- Task input -
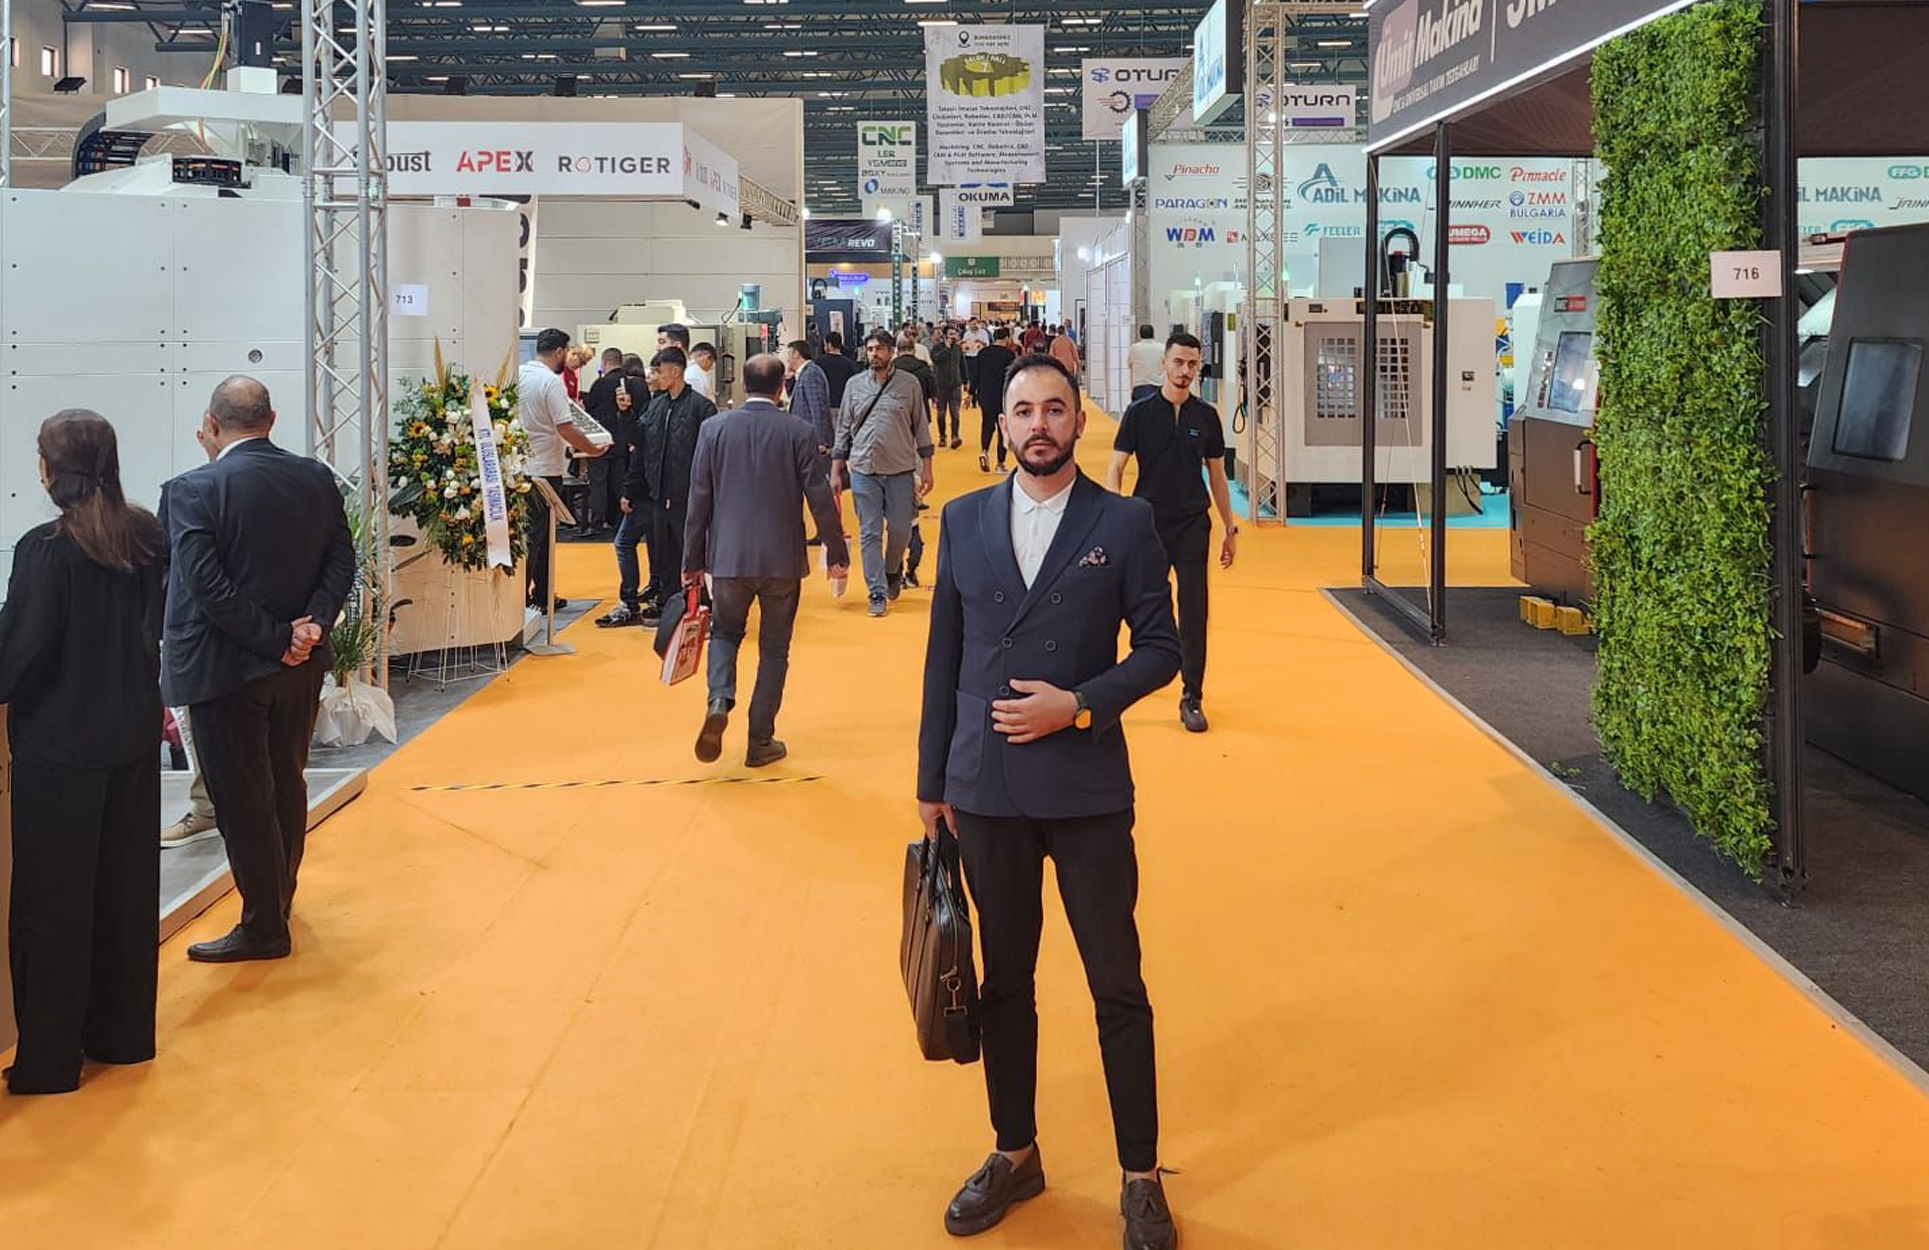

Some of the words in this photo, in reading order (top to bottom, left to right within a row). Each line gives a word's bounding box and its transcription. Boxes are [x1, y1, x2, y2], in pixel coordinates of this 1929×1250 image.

[1414, 0, 1482, 68] Makina
[862, 126, 912, 146] CNC
[456, 151, 534, 173] APEX
[557, 156, 671, 174] ROTIGER
[1172, 163, 1220, 175] Pinacho
[1463, 166, 1501, 179] DMC
[1509, 166, 1567, 182] Pinnacle
[958, 192, 1010, 202] OKUMA
[1528, 192, 1566, 204] ZMM
[1510, 208, 1566, 218] BULGARIA
[847, 239, 876, 247] REVO
[1733, 267, 1760, 280] 716
[395, 295, 413, 304] 713
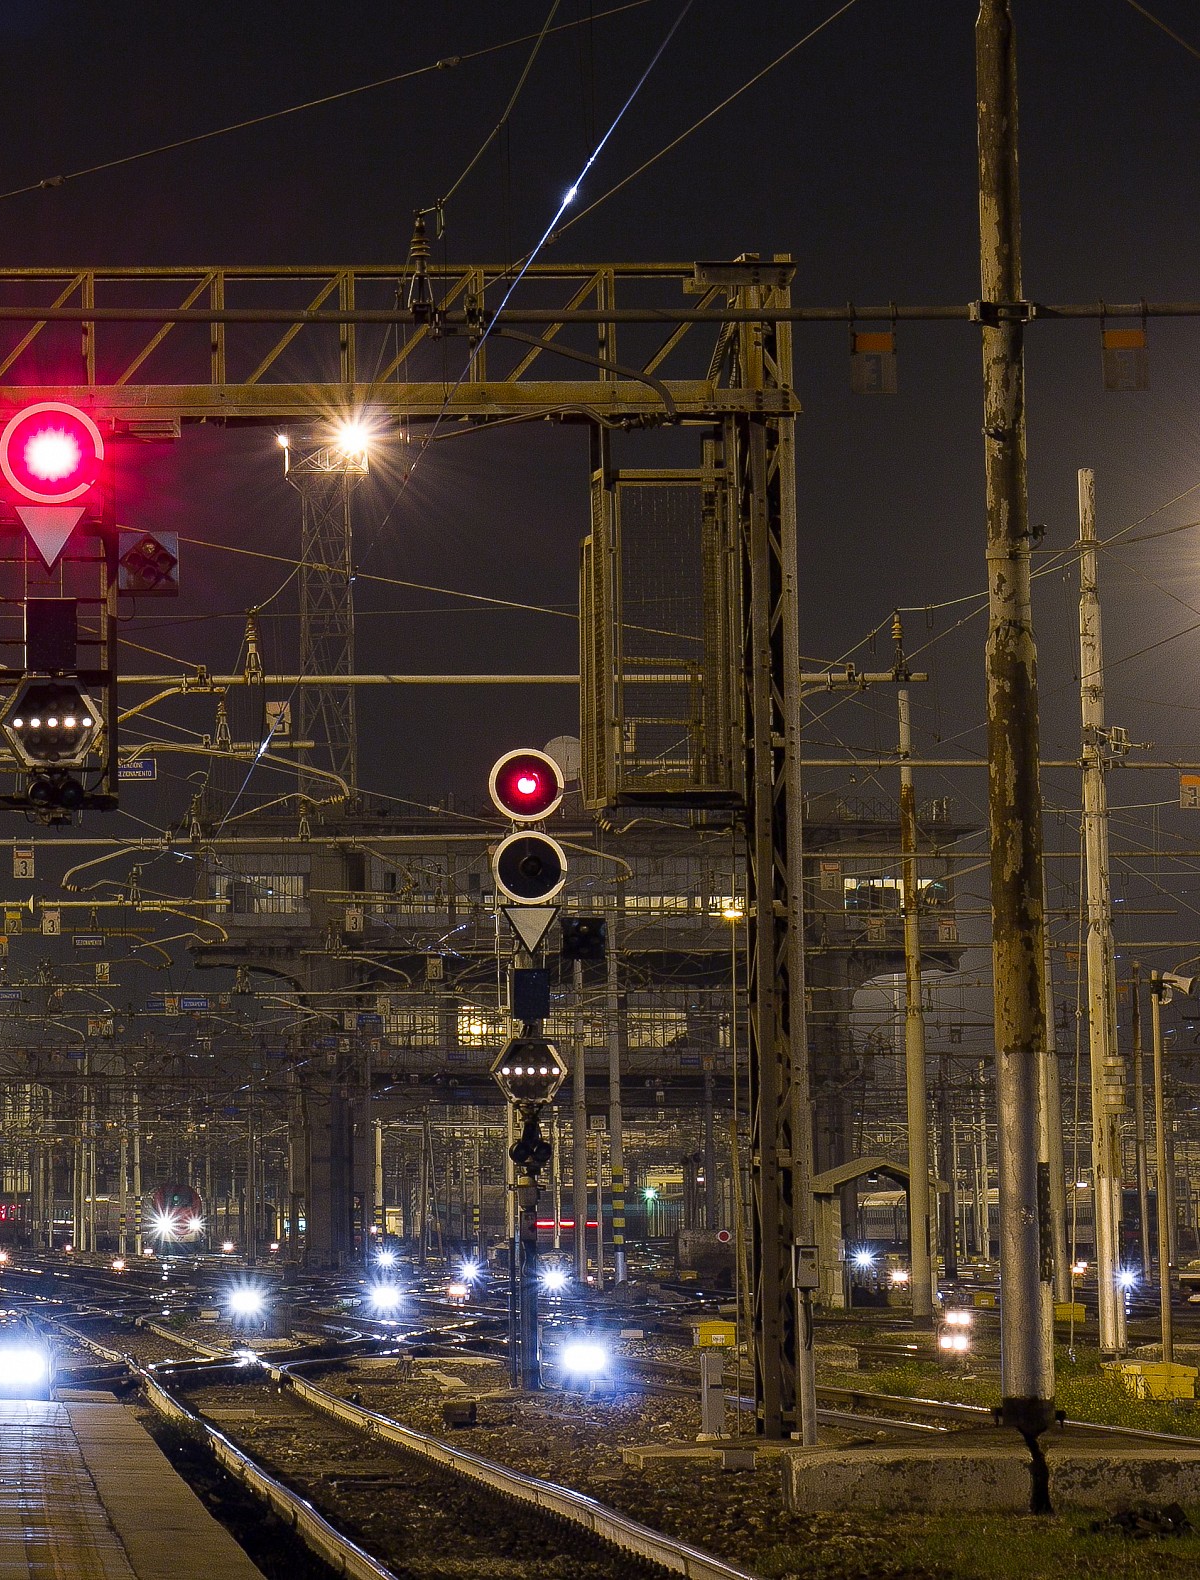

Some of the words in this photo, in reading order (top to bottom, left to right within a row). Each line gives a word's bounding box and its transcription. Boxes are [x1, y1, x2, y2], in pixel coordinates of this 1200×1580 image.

[20, 860, 28, 876] 3
[10, 920, 17, 933] 2
[48, 920, 55, 933] 3
[351, 917, 358, 930] 3
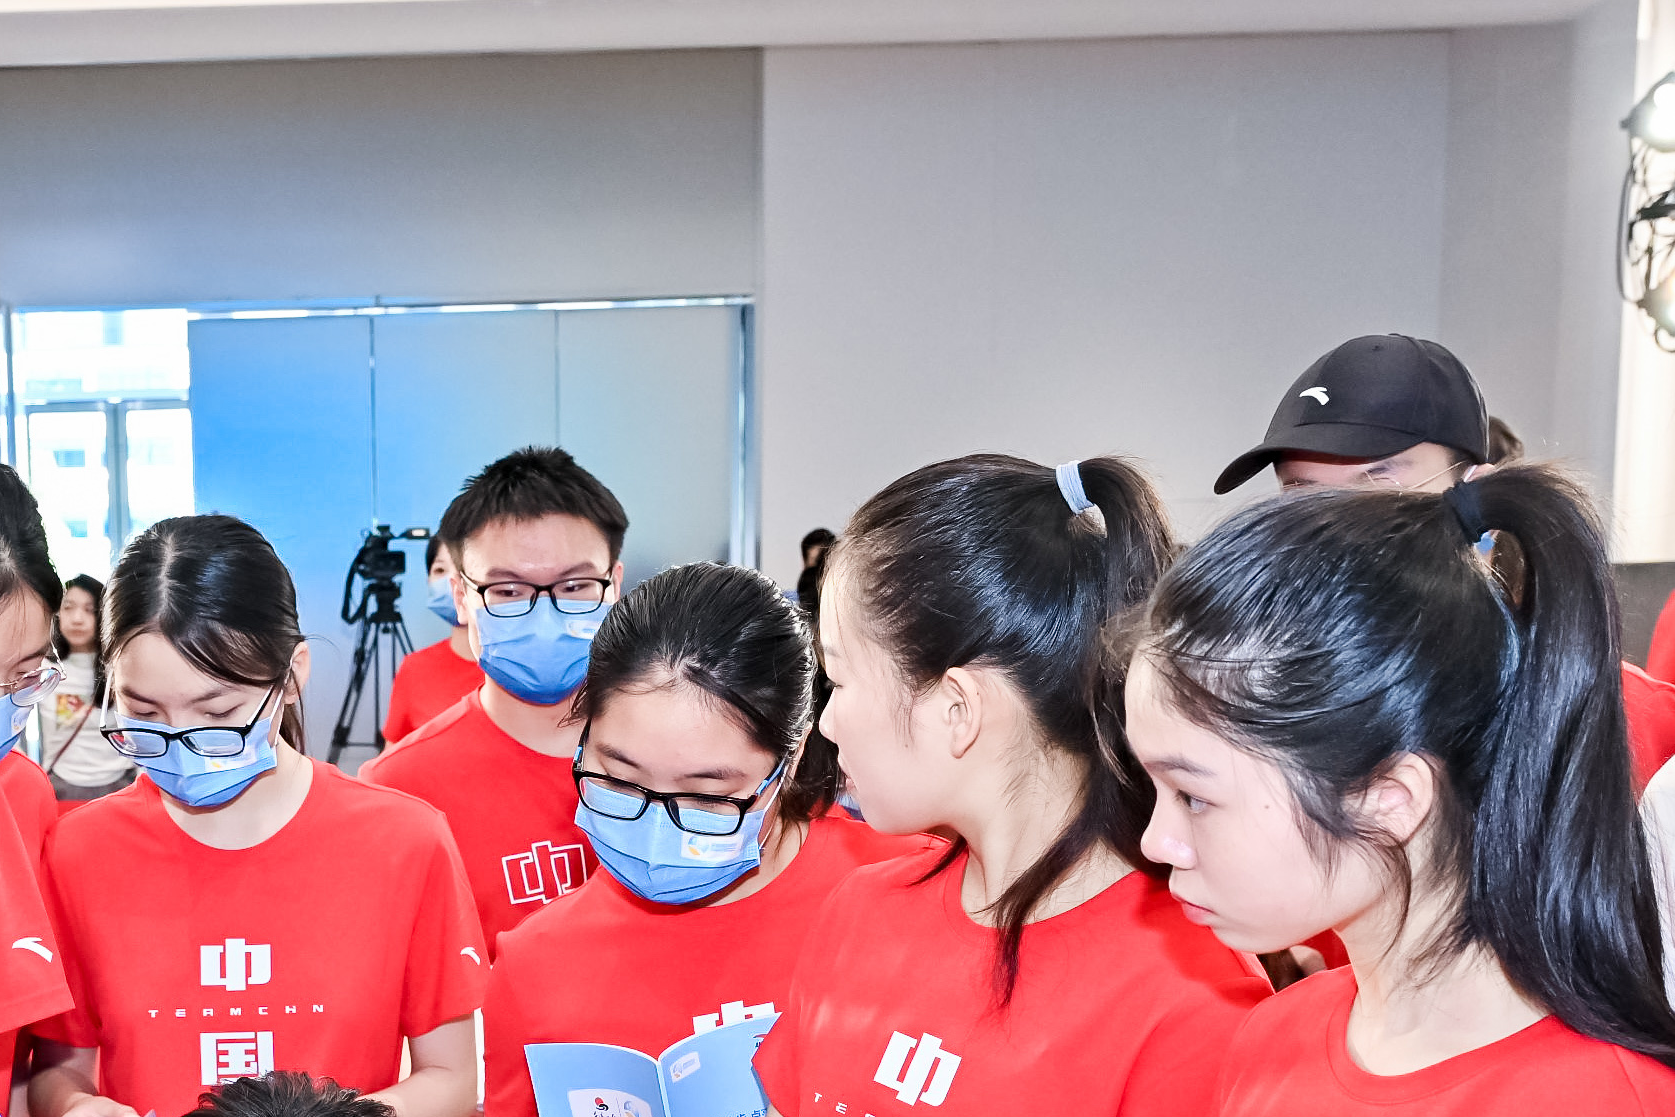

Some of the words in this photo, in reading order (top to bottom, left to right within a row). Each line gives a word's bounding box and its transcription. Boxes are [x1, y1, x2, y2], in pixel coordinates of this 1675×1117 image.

[200, 938, 271, 991] 中
[200, 1031, 274, 1086] 国
[873, 1031, 961, 1107] 中

- Task description -
In your copy, restate the data above word for word but leave out any picture.

- Solution -
Some of the words in this photo, in reading order (top to bottom, left to right within a row). Each line gives a word's bounding box and its transcription. Boxes are [x1, y1, x2, y2], in pixel coordinates of this 1929×1250 image.

[1414, 0, 1482, 68] Makina
[862, 126, 912, 146] CNC
[456, 151, 534, 173] APEX
[557, 156, 671, 174] ROTIGER
[1172, 163, 1220, 175] Pinacho
[1463, 166, 1501, 179] DMC
[1509, 166, 1567, 182] Pinnacle
[958, 192, 1010, 202] OKUMA
[1528, 192, 1566, 204] ZMM
[1510, 208, 1566, 218] BULGARIA
[847, 239, 876, 247] REVO
[1733, 267, 1760, 280] 716
[395, 295, 413, 304] 713

Some of the words in this photo, in reading order (top to bottom, left to right within a row). Each line gives a word's bounding box and its transcription. Boxes are [x1, y1, x2, y2], in pixel coordinates of this 1200×1580 image.

[20, 860, 28, 876] 3
[10, 920, 17, 933] 2
[48, 920, 55, 933] 3
[351, 917, 358, 930] 3

Some of the words in this photo, in reading order (top to bottom, left to right within a row). Each line gives a word's bounding box and its transcription. Boxes are [x1, y1, x2, y2], in pixel coordinates of this 1675×1117 image.

[200, 938, 271, 991] 中
[200, 1031, 274, 1086] 国
[873, 1031, 961, 1107] 中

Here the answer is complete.